Forkhead transcription factors, also known as FOX (Forkhead Box) proteins in mammals, play an important role in regulating the expression of genes that regulate the cell cycle. These proteins are vitally important in human gene expression as their dysregulation may result in the development of neurodegenerative disorders, cancer and ageing.
Unlike previous research in this area, researchers used ChIP-exo, a unique technique which allowed to map the precise locations at which Forkhead transcription factors associates to the regulatory regions (promoters) of genes across the genome, with a resolution of almost one base pair. Such experimental analysis, accompanied by a sophisticated computational pipeline, enabled exploration of which genes Fkh1 and Fkh2 are able to target.
Researchers discovered that Fkh1 and Fkh2 are hubs that have the ability to connect intracellular pathways operating at different but specific times, to control gene expression. The identification of these transcription factors as molecules linking different cellular processes suggests that their role is pivotal in the timely regulation of vital processes within a cell. Importantly, researchers found that metabolic genes, which are crucial for cell growth and division, were found to be main targets – together with cell cycle genes – of the transcription factors in all cell cycle phases. This novel finding indicates the impact that cell cycle has on metabolism in budding yeast.

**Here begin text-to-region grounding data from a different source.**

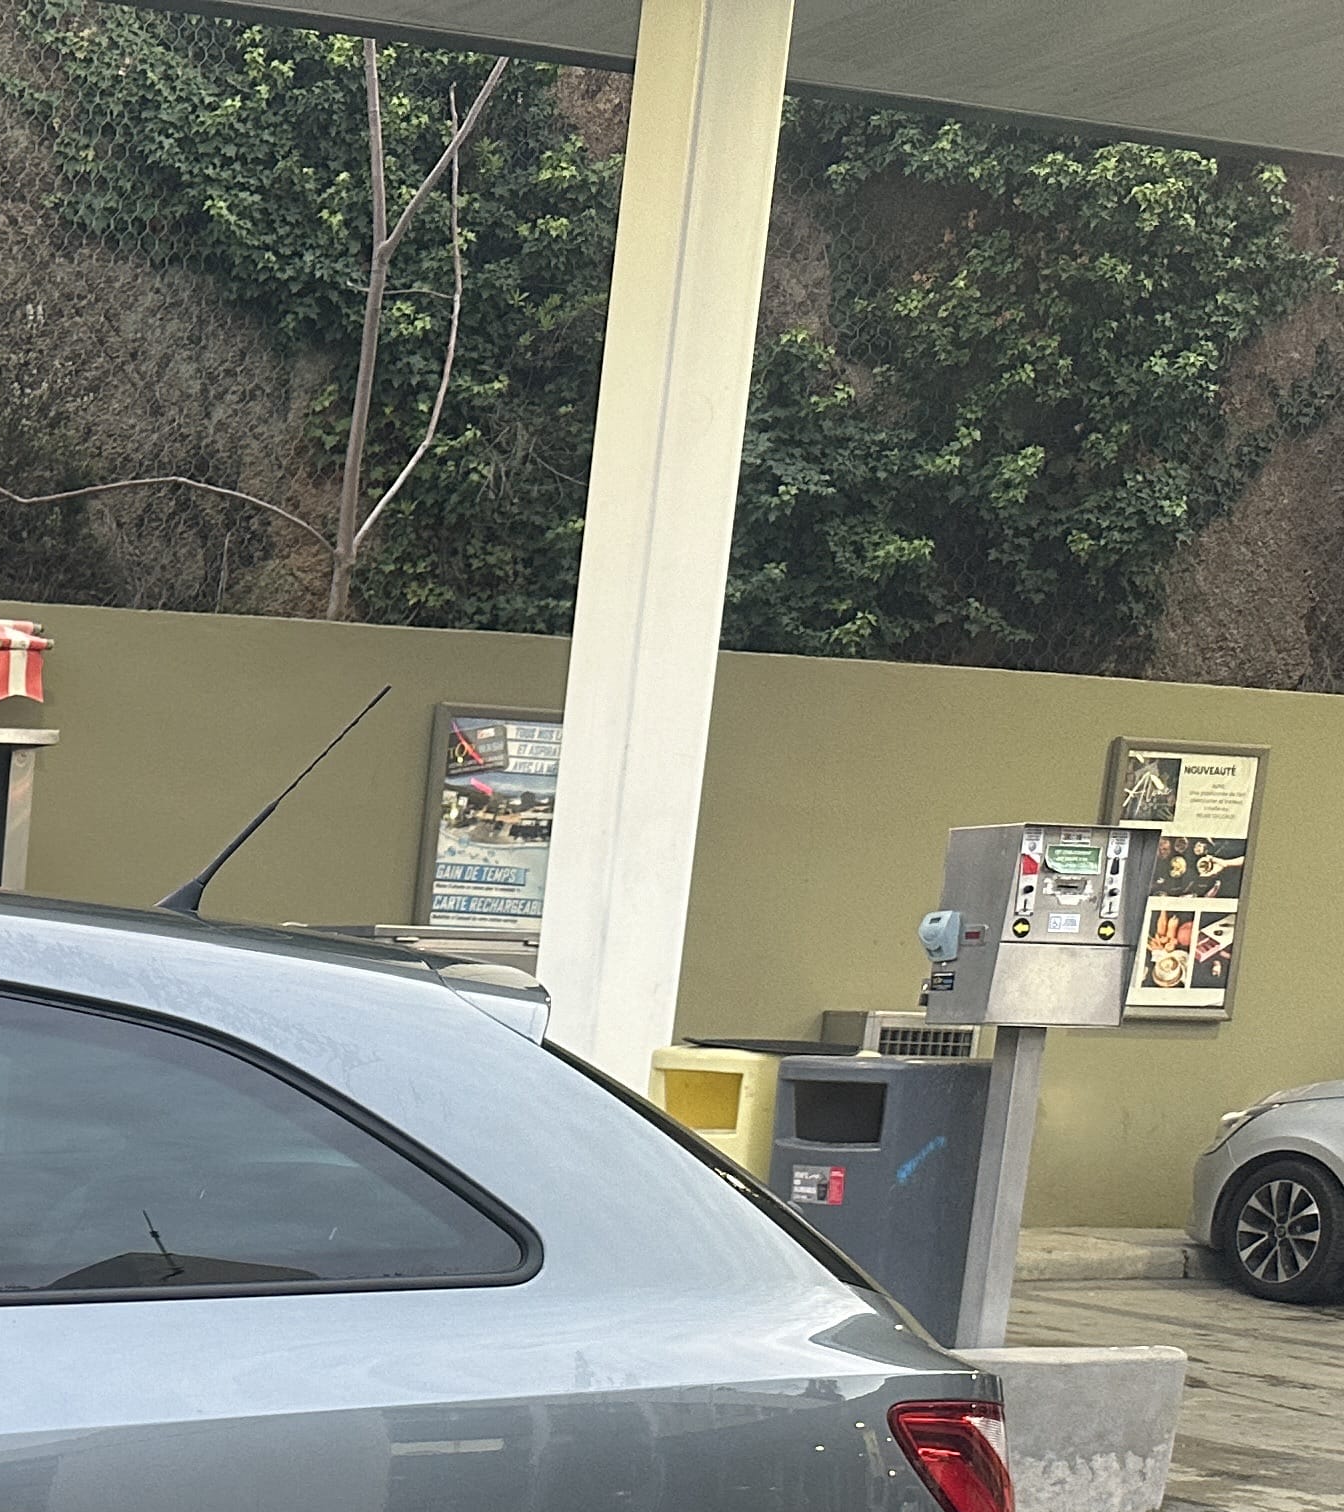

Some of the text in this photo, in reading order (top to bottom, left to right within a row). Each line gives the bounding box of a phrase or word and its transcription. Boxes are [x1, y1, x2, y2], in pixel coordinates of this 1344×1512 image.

[1183, 764, 1237, 777] NOUVEAUTÉ
[435, 864, 517, 882] GAIN DE TEMPS
[432, 895, 543, 915] CARTE RECHARGEABL
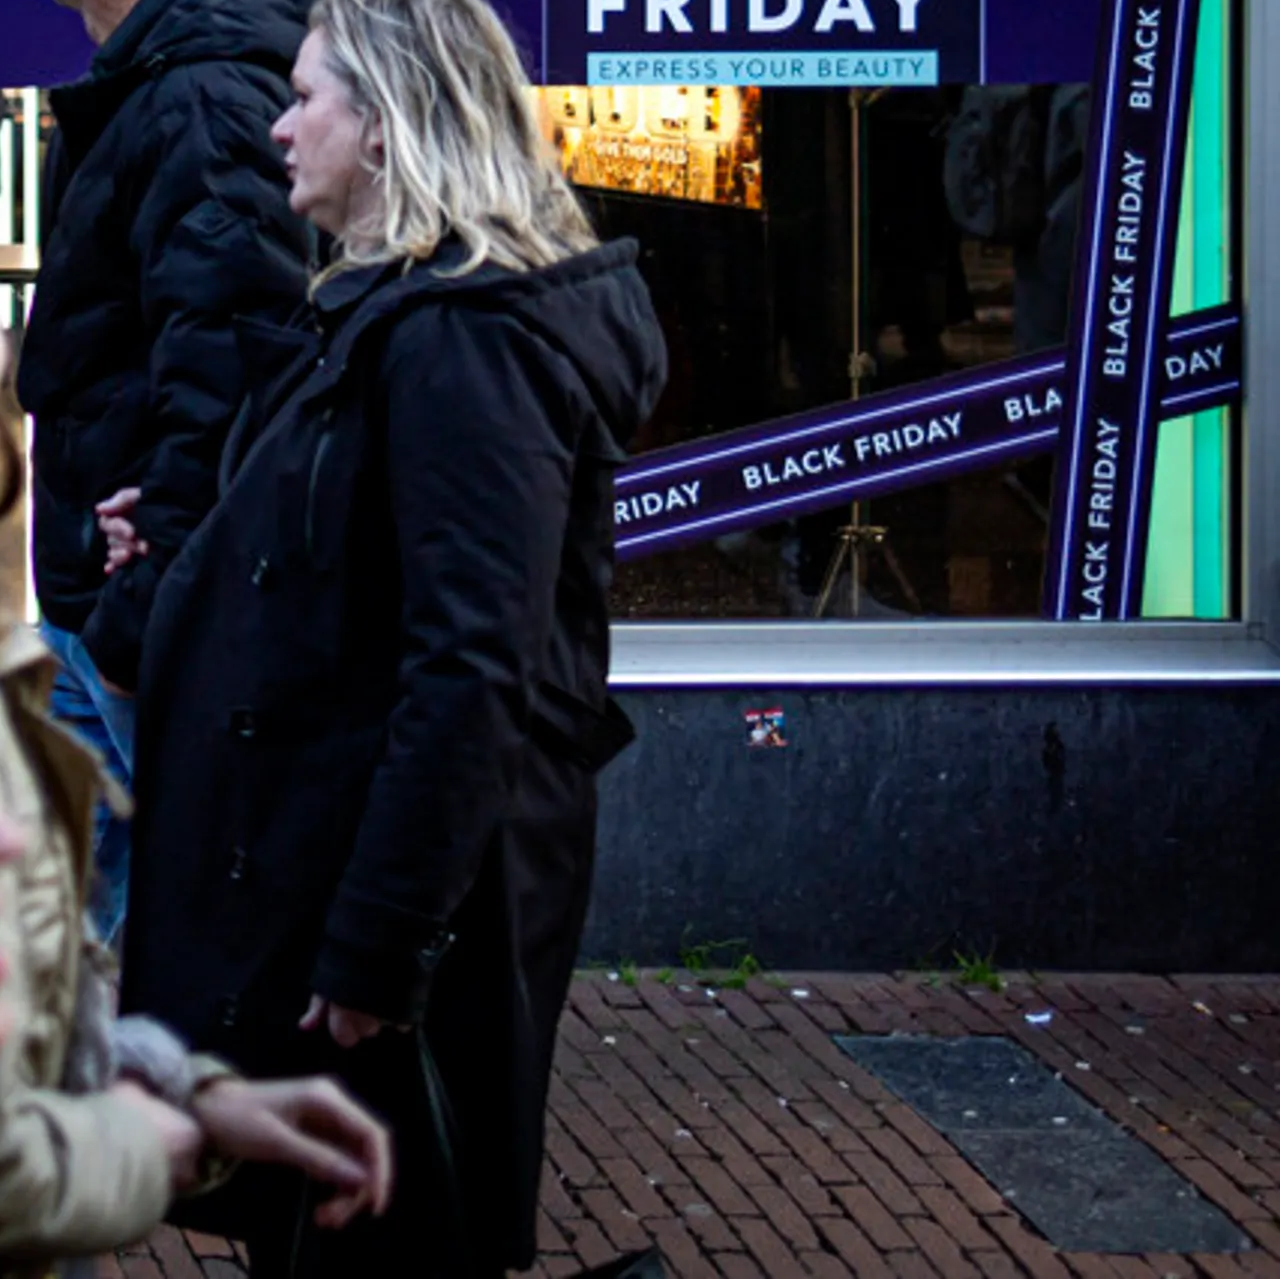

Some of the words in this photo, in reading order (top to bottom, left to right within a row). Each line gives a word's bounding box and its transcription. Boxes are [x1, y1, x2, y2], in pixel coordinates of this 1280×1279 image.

[599, 58, 718, 79] EXPRESS
[729, 57, 805, 78] YOUR
[817, 57, 924, 78] BEAUTY
[1129, 8, 1161, 109] BLACK
[1114, 151, 1147, 263] FRIDAY
[1103, 275, 1136, 376] BLACK
[1003, 388, 1062, 422] BLA
[1165, 343, 1225, 381] DAY
[742, 444, 845, 490] BLACK
[854, 413, 963, 462] FRIDAY
[1088, 418, 1120, 529] FRIDAY
[614, 481, 702, 523] RIDAY
[1079, 541, 1110, 620] LACK

Lead author Dr Matteo Barberis, Reader in Systems Biology at the University of Surrey, said: “Cell cycle and metabolism are coupled intracellular pathways. This is the first time that the cell cycle is suggested to be a regulator of metabolism, through the identification of the relevant molecules connecting them that act as hubs of gene expression.”
“This discovery represents an important step forward in the study of how cell’s functions are regulated at multiple time scales by various intracellular signals, and breaks new ground in the understanding of how their multi-scale integration may occur to achieve proper timing of cell division.”